LOVING A WALL
Robert Frost may famously have said that "something there is that doesn’t love a wall," but my love affair with the walls of New England is in full swing. As a newcomer, the proliferation of walls is one of the first things I noticed. In fact, it is said that there are more than 250,000 miles of walls in our region, so they are not exactly hard to come by.
I’ve become a student of the architecture of walls. By far the oldest and most common are the farmers' walls – the ones Frost speaks of. The story line of his poem speaks of how he and his neighbor walk the length of the wall each spring, replacing stones that have mysteriously fallen.
There’s really no mystery to it – frost heaves can move even gigantic boulders. Woodland creatures hunker through New England winters, the heat of their bodies creating further contrast between the freeze and thaw extremes. These farmers' walls have an honored place in the landscape, but for my taste, too many of them look like piles of rubble.
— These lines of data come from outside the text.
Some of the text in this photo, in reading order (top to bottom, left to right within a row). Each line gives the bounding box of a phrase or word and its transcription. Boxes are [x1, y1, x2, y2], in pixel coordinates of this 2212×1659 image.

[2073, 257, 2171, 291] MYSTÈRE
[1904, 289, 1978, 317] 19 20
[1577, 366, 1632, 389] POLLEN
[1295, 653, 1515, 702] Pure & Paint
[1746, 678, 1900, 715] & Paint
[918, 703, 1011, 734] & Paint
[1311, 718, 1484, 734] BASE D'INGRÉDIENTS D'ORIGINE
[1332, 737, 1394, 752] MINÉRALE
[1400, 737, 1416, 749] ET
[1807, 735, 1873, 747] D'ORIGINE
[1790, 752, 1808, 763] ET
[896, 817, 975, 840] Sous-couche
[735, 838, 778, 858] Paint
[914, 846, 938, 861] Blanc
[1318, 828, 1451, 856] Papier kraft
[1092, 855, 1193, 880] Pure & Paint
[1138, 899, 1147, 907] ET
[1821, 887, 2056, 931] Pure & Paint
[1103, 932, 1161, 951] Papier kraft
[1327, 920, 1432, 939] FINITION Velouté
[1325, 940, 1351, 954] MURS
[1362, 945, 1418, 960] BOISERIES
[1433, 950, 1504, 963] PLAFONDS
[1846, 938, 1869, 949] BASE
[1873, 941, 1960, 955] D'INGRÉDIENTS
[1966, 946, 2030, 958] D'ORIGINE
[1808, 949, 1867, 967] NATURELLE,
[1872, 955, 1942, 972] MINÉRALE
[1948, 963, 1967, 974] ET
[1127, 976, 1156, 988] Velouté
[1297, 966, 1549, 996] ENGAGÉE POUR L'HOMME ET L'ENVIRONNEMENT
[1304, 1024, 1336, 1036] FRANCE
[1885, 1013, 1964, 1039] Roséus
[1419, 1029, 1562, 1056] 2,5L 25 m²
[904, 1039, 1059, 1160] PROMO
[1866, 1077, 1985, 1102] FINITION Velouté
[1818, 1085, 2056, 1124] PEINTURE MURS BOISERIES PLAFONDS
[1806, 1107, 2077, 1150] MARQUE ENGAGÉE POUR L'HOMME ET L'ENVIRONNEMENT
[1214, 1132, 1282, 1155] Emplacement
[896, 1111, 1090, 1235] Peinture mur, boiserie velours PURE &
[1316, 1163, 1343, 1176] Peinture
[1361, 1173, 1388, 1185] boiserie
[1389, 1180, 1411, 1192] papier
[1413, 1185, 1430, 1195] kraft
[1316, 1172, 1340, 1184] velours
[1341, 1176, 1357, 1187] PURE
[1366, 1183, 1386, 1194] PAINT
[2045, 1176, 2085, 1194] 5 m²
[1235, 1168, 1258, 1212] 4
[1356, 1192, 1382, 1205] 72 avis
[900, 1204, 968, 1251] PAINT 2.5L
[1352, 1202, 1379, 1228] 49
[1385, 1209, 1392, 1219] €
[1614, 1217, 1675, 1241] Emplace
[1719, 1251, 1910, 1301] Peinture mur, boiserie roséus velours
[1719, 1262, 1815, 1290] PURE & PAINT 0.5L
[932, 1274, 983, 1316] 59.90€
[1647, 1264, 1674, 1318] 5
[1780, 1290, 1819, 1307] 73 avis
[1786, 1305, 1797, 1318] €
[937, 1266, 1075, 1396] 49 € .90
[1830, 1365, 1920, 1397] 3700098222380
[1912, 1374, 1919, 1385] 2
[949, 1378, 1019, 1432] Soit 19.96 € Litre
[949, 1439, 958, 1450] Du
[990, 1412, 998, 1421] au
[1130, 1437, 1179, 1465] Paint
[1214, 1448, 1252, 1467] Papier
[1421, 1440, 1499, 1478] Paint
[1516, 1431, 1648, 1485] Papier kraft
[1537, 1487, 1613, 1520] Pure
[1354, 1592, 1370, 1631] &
Then we have the other extreme – fake walls. Commercial establishments are full of these. They start out with breeze block or cinder block – the lowest of the low in the world of stone. Once in place workers affixed an exterior veneer of actual rock. Such fakery is easily spotted miles off. They contribute nothing to the aesthetic of New England and ought to be banned.
Then they are the stylish walls – the current vogue is for dry stacked stone; thin stones placed atop each other. This requires a bit of the mason’s art to plan and balance. It raises the larger debate about dry or wet mortar. People come down hard either way. Purists claim mortar is a travesty; pragmatists point to Robert Frost’s problems with stones falling out each season. I sympathize with Frost – a stone wall ought to be a living thing, surrounded by fields and trees, and susceptible to subtle changes. And it ought to be possible to be permanent without being so rigid about it.
At long last I am getting my own stone wall. It will be artistic rather than primly utilitarian in true New England fashion, but it will be honed and chiseled and pushed into shape by real masons using real granite. The first stage is the giant pile sitting in the middle of my yard.
I look at it each day in wonderment. What magic will turn this pile into the wall of my dreams?